Today’s discussions follow on from the Prime Minister’s talks with NFU president Peter Kendall and Richard Macdonald, the NFU’s director general, yesterday at Downing Street.
The Temporary Control Zone in Norfolk imposed after a suspected case of foot and mouth disease has now been lifted following negative laboratory results. The current situation remains centered on a farm in Surrey.
The farmers, all from the South East, were keen to explain to the Prime Minister the problems that the outbreak of foot and mouth disease had caused them. All of them were preparing for the most important period in the livestock year when the news of the fresh case of foot and mouth was released on Wednesday.
Surrey NFU chairman Mike Giffin is a dairy farmer and farm consultant. He said: “The first outbreak was hard enough to deal with but news of the second outbreak just as we thought we were getting back to normal was a disaster. This is the time of year when livestock farmers are trading their stock and their income for the year depends on it.

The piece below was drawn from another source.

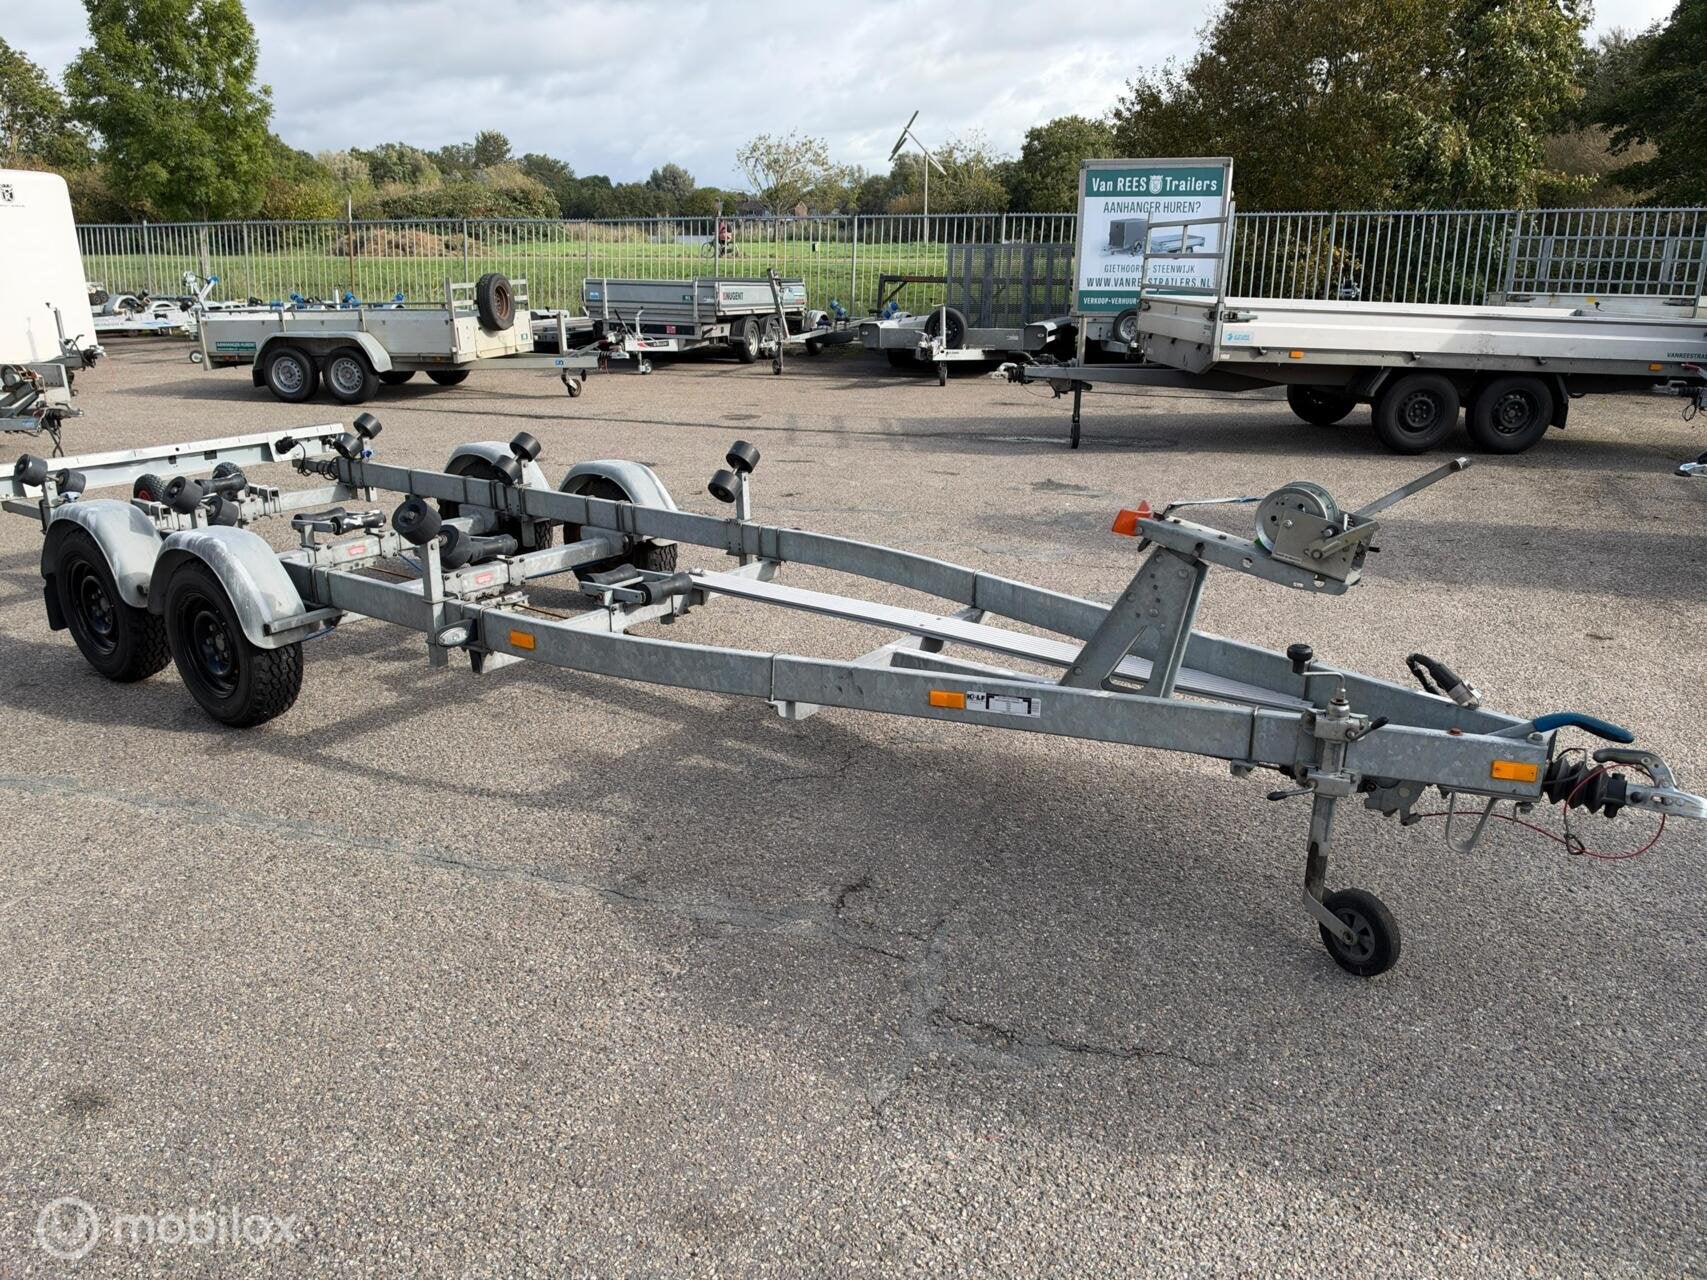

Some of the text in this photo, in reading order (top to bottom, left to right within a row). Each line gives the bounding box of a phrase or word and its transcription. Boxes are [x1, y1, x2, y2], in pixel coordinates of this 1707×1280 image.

[1092, 176, 1218, 192] Van REES Trailers
[1103, 201, 1202, 214] AANHANGER HUREN?
[1152, 264, 1196, 273] STEENWIJK
[1087, 277, 1212, 288] WWW.VANRESTRAILERS.NL

“The Prime Minister was sincerely interested in the issues we raised but the reality is that we have to get on top of the disease first. We did agree that the first priority was to contain and eradicate this outbreak and I am grateful for Mr Brown’s continued commitment.”
NFU president Peter Kendall was also at the meeting. He said: “This is a group of farmers who know what is happening at ground level and how the disease is threatening their businesses.

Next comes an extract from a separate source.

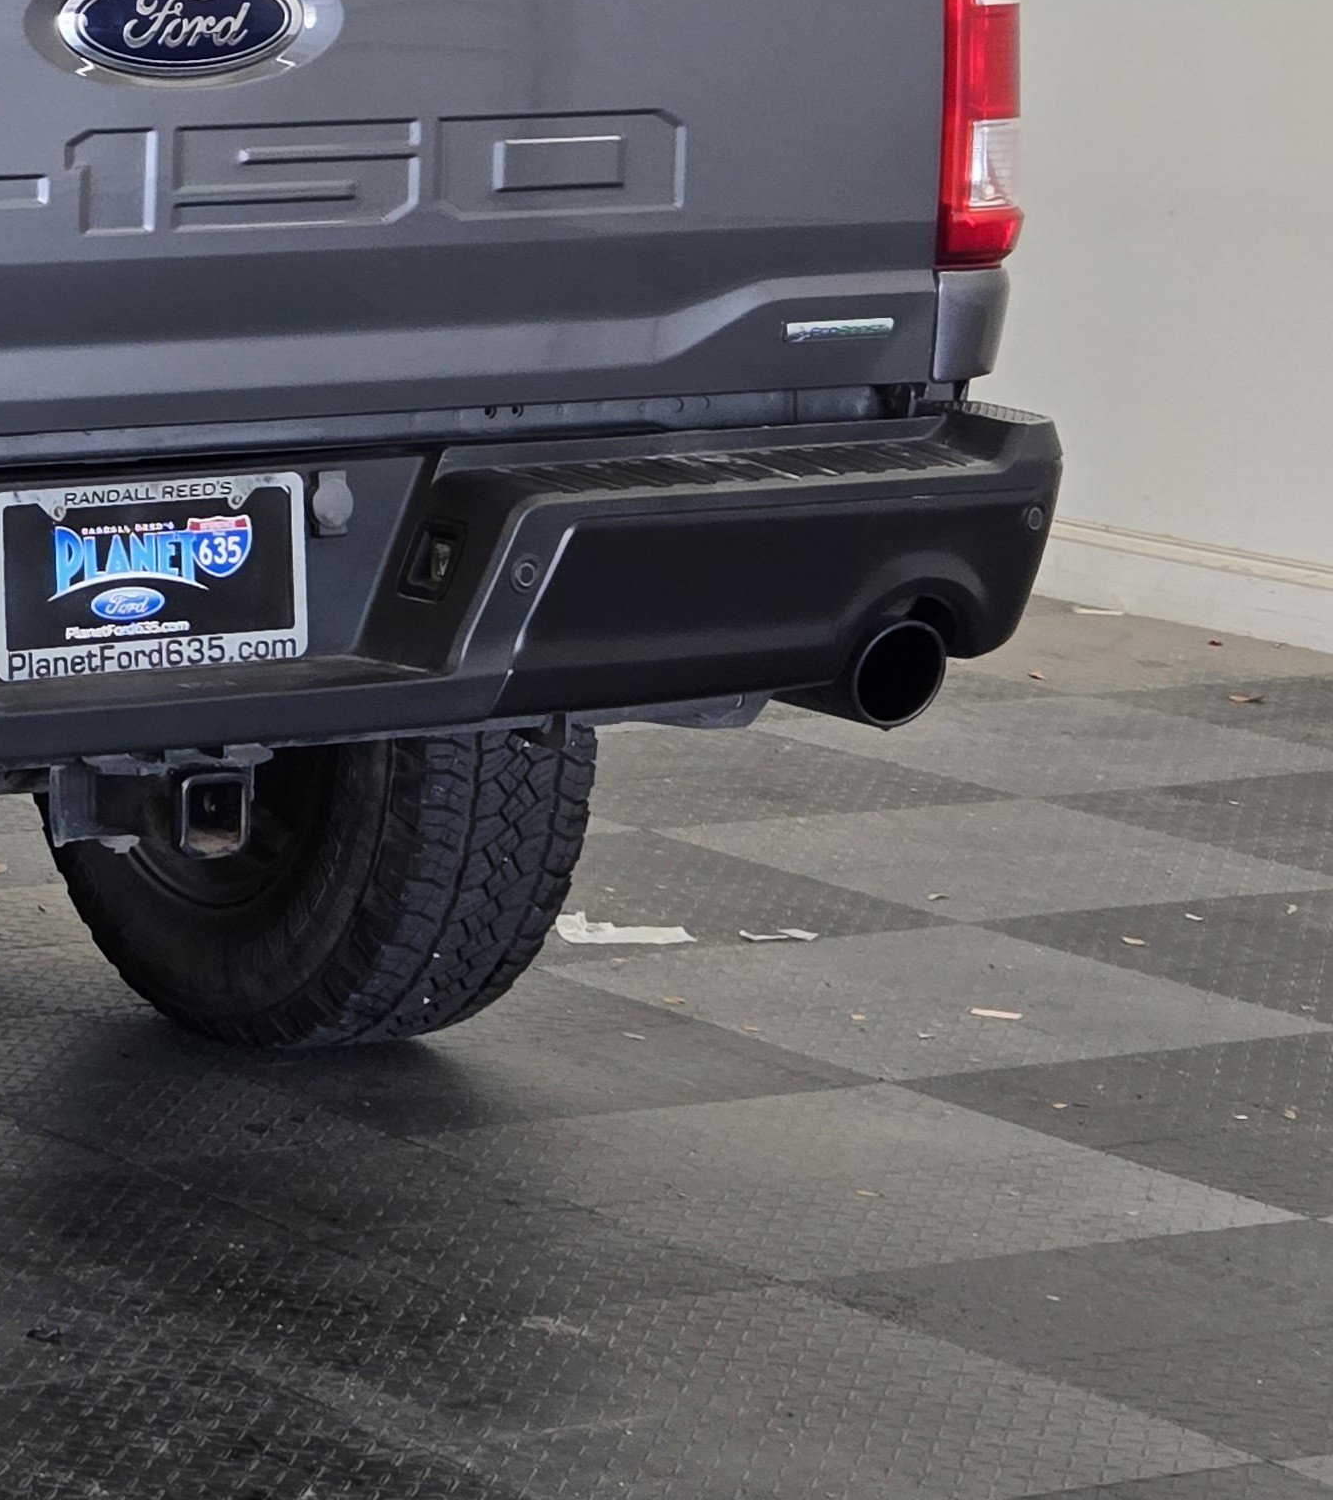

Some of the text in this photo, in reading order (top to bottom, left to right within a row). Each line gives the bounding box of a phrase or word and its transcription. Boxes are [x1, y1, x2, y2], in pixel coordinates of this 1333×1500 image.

[64, 481, 233, 507] RANDALL REED'S
[54, 526, 242, 596] PLANET 635
[104, 593, 149, 615] Ford
[8, 636, 296, 681] PlanetFord635.com

“For every day that the situation continues they are losing money because they cannot trade. However, we all know that the control and eradication of the disease is the priority at the moment. I continue to urge all farmers to check their stock daily and remain vigilant with strict biosecurity controls.”
Gordon Brown chaired another meeting of the government’s civil contingencies committee yesterday morning to discuss the latest incident.
Environment secretary Hilary Benn, the chief vet and other experts attended the meeting in Whitehall.
Speaking to journalists yesterday, the Prime Minister’s spokesman said that the decision to give the all clear after the previous outbreak was made on the basis of scientific evidence.
The spokesman said it was a decision “made by the chief vet supported by many academic experts” and that there was “absolutely no truth” in any suggestion political pressure had been applied to influence the chief vet.
The Prime Minister said earlier this week that he fully understood the “anxieties and worries” the farming community are experiencing.